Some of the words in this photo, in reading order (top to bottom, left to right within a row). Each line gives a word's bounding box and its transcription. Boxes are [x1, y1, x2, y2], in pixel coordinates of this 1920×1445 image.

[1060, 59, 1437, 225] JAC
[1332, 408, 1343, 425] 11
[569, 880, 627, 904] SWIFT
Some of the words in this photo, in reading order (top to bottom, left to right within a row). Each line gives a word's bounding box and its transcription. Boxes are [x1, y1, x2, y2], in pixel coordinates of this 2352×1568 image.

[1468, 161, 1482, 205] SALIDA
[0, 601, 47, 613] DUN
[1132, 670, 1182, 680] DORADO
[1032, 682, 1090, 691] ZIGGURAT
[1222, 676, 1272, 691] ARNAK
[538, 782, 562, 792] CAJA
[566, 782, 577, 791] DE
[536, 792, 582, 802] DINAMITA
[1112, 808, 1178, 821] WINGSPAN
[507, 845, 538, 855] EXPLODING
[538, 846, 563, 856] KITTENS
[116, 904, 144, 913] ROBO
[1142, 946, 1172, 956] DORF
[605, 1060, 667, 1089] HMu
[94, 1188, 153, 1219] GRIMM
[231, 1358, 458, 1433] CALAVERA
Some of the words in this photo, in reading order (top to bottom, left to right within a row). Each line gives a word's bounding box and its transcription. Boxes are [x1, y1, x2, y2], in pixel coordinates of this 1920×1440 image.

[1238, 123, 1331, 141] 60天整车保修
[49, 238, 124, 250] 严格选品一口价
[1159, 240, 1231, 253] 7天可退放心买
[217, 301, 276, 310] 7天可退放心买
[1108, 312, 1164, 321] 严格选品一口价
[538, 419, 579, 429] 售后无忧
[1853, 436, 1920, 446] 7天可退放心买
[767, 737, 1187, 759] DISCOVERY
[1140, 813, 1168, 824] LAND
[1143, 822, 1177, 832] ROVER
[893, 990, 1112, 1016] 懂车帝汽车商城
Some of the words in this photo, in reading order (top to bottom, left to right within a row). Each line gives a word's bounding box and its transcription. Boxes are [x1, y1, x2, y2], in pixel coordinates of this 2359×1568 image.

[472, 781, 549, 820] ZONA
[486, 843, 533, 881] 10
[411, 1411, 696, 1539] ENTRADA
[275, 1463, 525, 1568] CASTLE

= = = =

**Your instructions:** Each record must be returned exactly as it is written.

**Output of the task:**
Some of the words in this photo, in reading order (top to bottom, left to right within a row). Each line gives a word's bounding box and its transcription. Boxes are [x1, y1, x2, y2], in pixel coordinates of this 1920×1445 image.

[1060, 59, 1437, 225] JAC
[1332, 408, 1343, 425] 11
[569, 880, 627, 904] SWIFT
Some of the words in this photo, in reading order (top to bottom, left to right within a row). Each line gives a word's bounding box and its transcription. Boxes are [x1, y1, x2, y2], in pixel coordinates of this 2352×1568 image.

[1468, 161, 1482, 205] SALIDA
[0, 601, 47, 613] DUN
[1132, 670, 1182, 680] DORADO
[1032, 682, 1090, 691] ZIGGURAT
[1222, 676, 1272, 691] ARNAK
[538, 782, 562, 792] CAJA
[566, 782, 577, 791] DE
[536, 792, 582, 802] DINAMITA
[1112, 808, 1178, 821] WINGSPAN
[507, 845, 538, 855] EXPLODING
[538, 846, 563, 856] KITTENS
[116, 904, 144, 913] ROBO
[1142, 946, 1172, 956] DORF
[605, 1060, 667, 1089] HMu
[94, 1188, 153, 1219] GRIMM
[231, 1358, 458, 1433] CALAVERA
Some of the words in this photo, in reading order (top to bottom, left to right within a row). Each line gives a word's bounding box and its transcription. Boxes are [x1, y1, x2, y2], in pixel coordinates of this 1920×1440 image.

[1238, 123, 1331, 141] 60天整车保修
[49, 238, 124, 250] 严格选品一口价
[1159, 240, 1231, 253] 7天可退放心买
[217, 301, 276, 310] 7天可退放心买
[1108, 312, 1164, 321] 严格选品一口价
[538, 419, 579, 429] 售后无忧
[1853, 436, 1920, 446] 7天可退放心买
[767, 737, 1187, 759] DISCOVERY
[1140, 813, 1168, 824] LAND
[1143, 822, 1177, 832] ROVER
[893, 990, 1112, 1016] 懂车帝汽车商城
Some of the words in this photo, in reading order (top to bottom, left to right within a row). Each line gives a word's bounding box and its transcription. Boxes are [x1, y1, x2, y2], in pixel coordinates of this 2359×1568 image.

[472, 781, 549, 820] ZONA
[486, 843, 533, 881] 10
[411, 1411, 696, 1539] ENTRADA
[275, 1463, 525, 1568] CASTLE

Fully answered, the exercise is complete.